Image-backed grounding data:
┌──
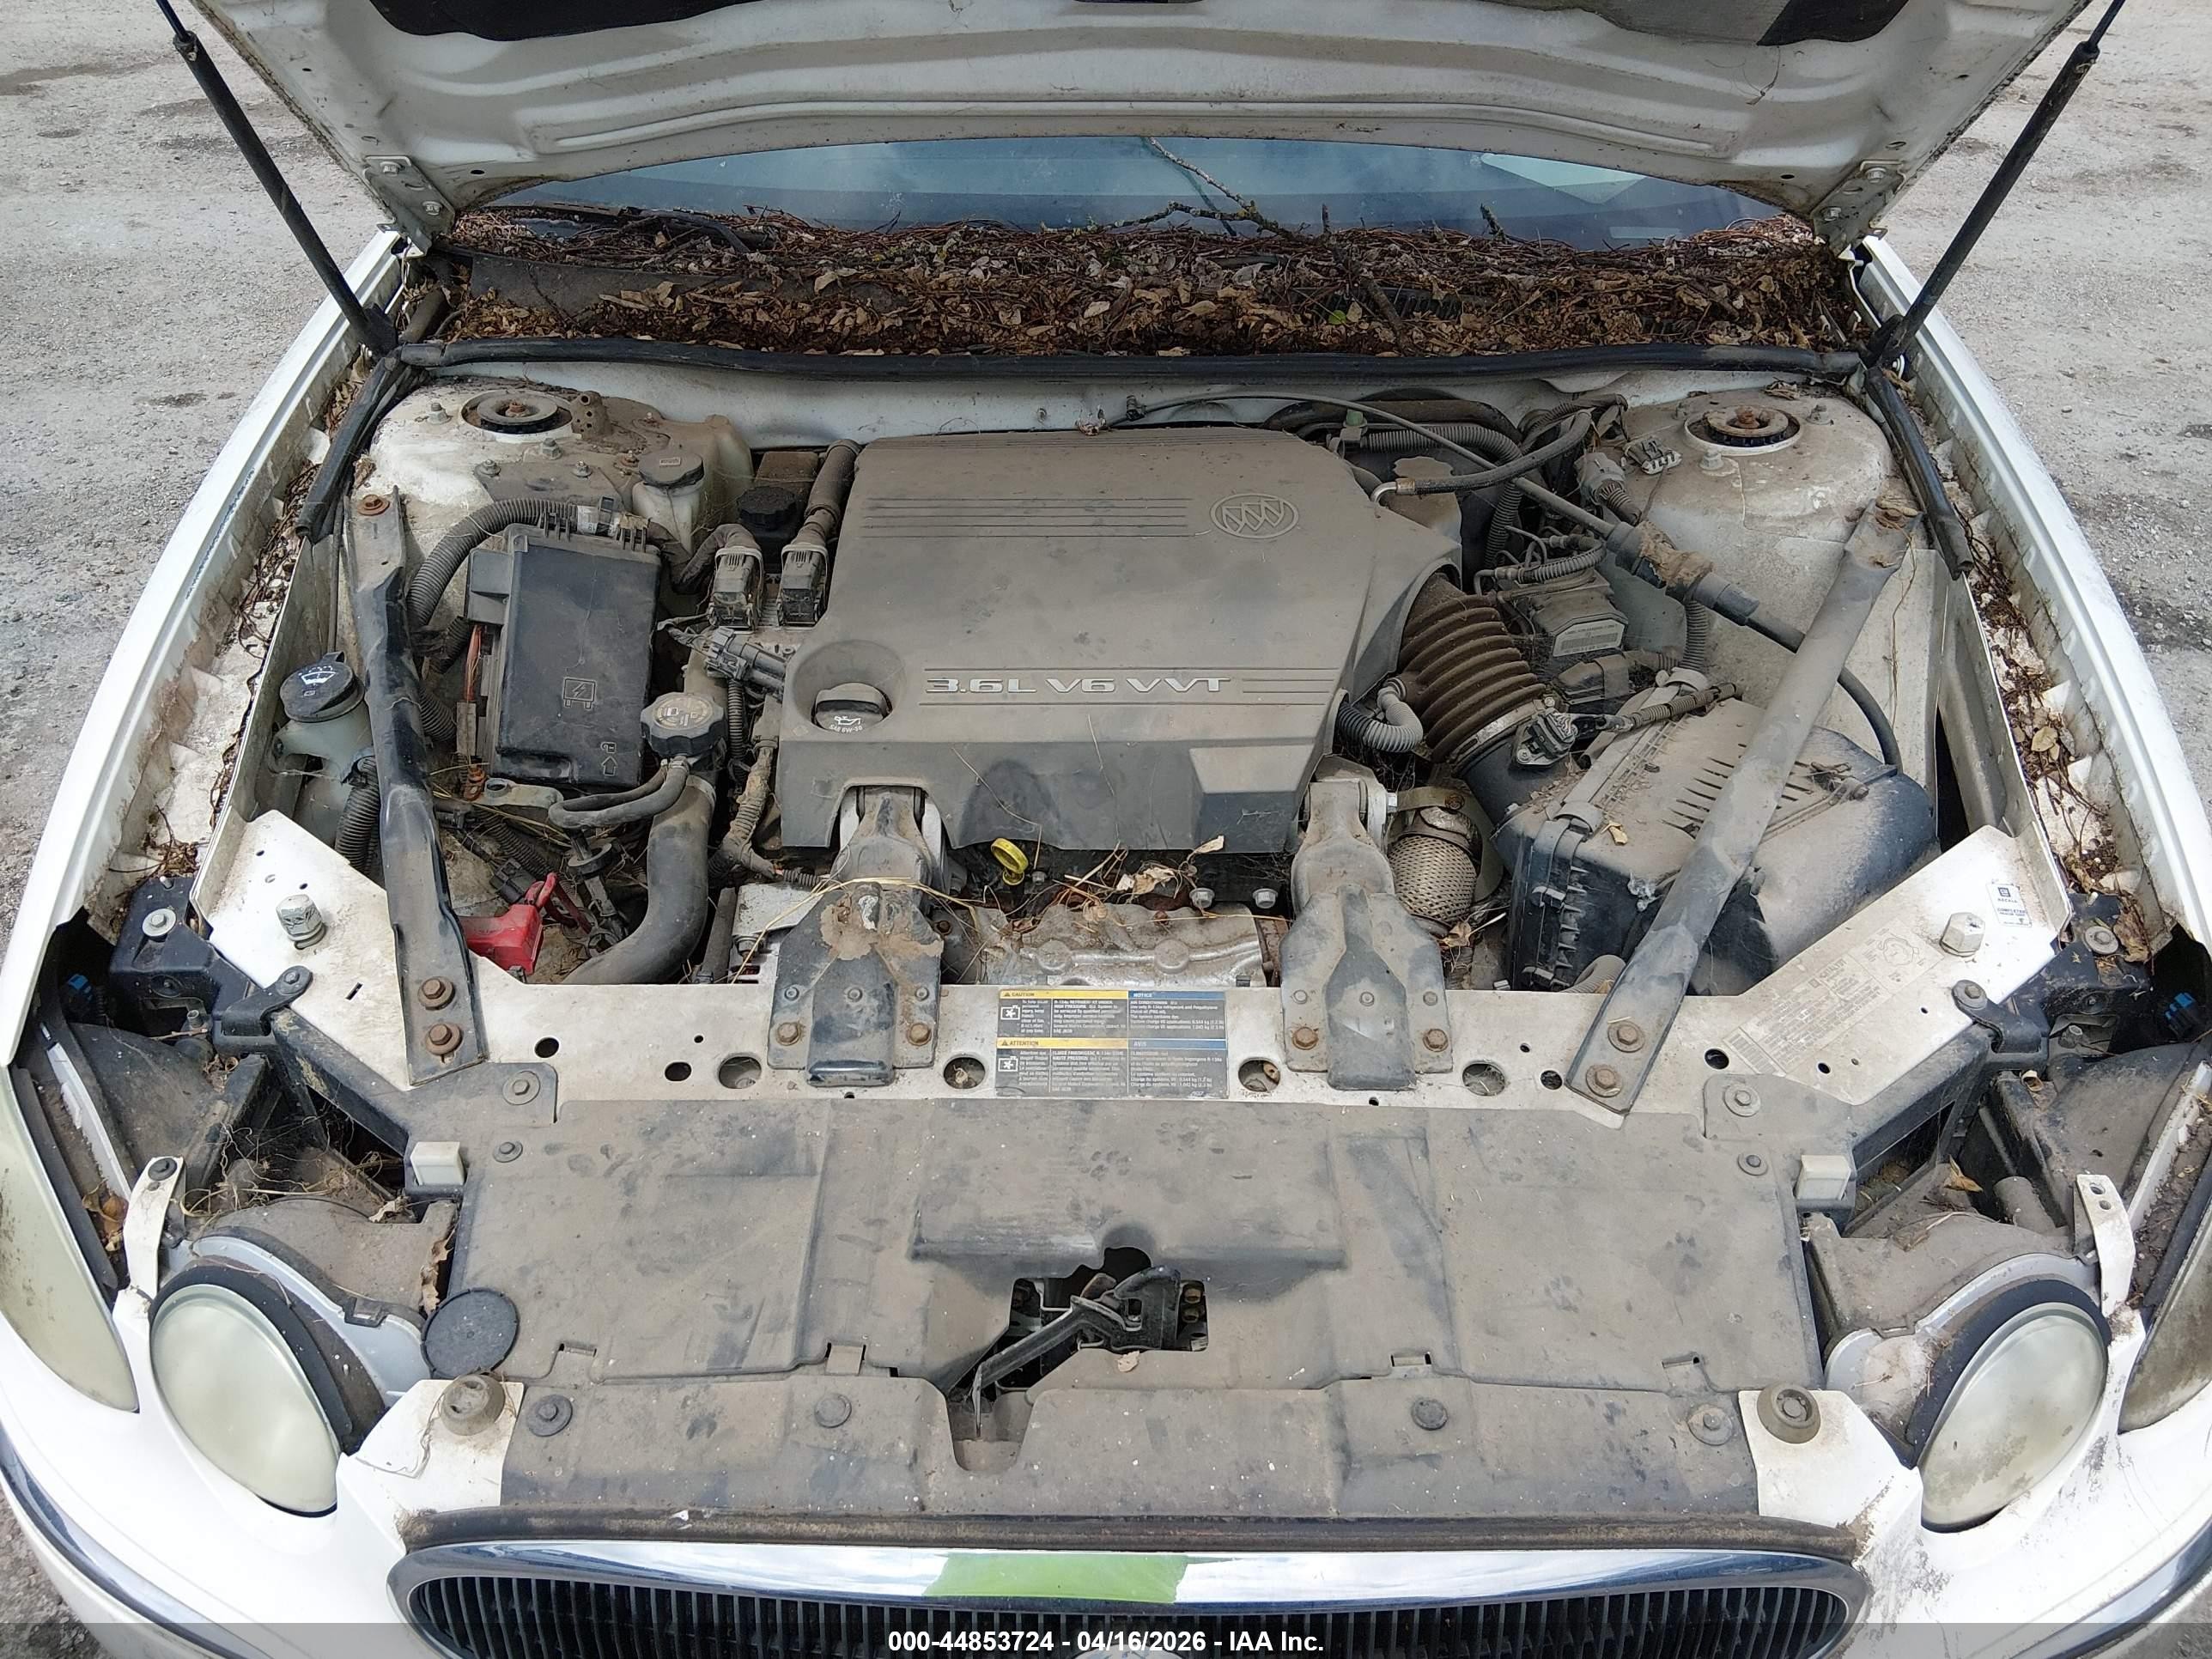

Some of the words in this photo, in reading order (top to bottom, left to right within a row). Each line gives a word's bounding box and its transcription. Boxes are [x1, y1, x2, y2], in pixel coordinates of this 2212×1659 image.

[926, 678, 1037, 694] 3.6L
[1045, 678, 1115, 694] V6
[1126, 677, 1231, 693] VVT
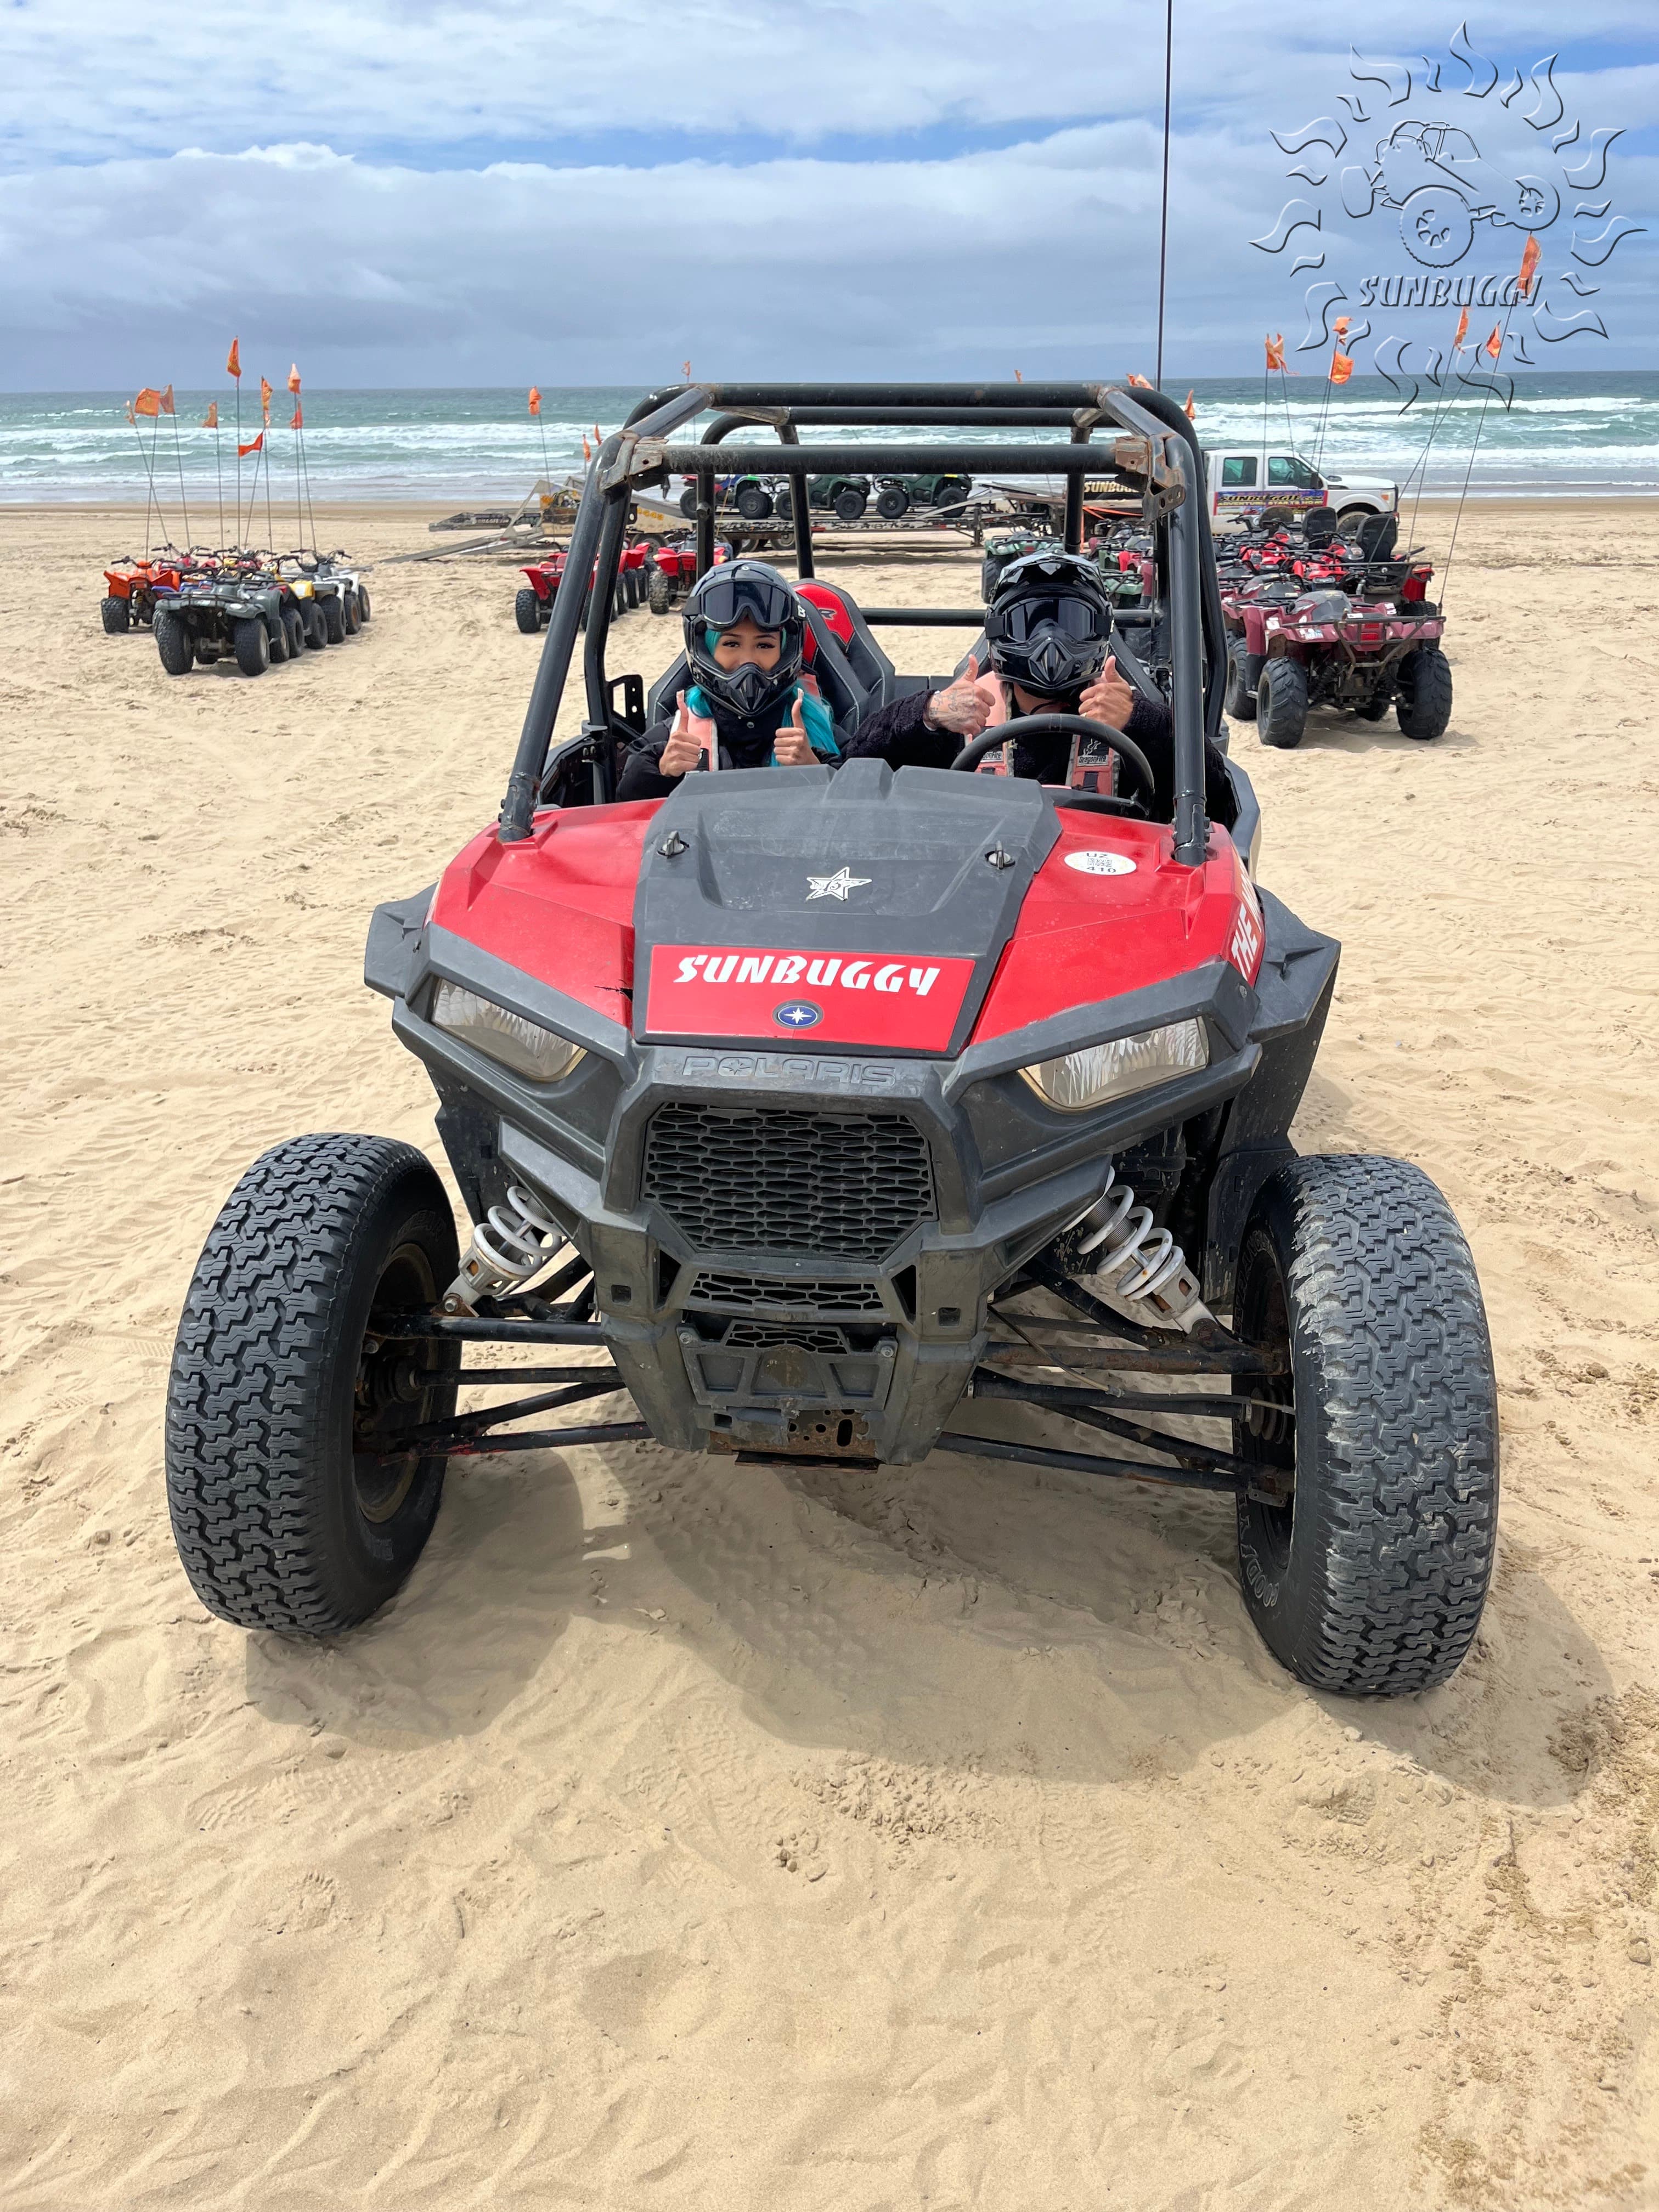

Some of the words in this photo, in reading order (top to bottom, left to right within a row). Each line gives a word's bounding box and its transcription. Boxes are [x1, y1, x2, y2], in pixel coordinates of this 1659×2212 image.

[1084, 481, 1139, 493] SUNBU
[673, 955, 940, 996] SUNBUGGY
[682, 1056, 895, 1086] POLARIS
└──
> WHAT THIS TASK INVOLVES
All entries, top to bottom, should be retyped exactly; the pictures should not be.

> COMPLETED EXERCISE
Some of the words in this photo, in reading order (top to bottom, left to right within a row). Each line gives a word's bounding box and its transcription. Boxes are [x1, y1, x2, y2], in pixel coordinates of this 2212×1659 image.

[926, 678, 1037, 694] 3.6L
[1045, 678, 1115, 694] V6
[1126, 677, 1231, 693] VVT

Some of the words in this photo, in reading order (top to bottom, left to right within a row). Each line gives a word's bounding box and its transcription. Boxes are [x1, y1, x2, y2], in pixel coordinates of this 1659×2212 image.

[1084, 481, 1139, 493] SUNBU
[673, 955, 940, 996] SUNBUGGY
[682, 1056, 895, 1086] POLARIS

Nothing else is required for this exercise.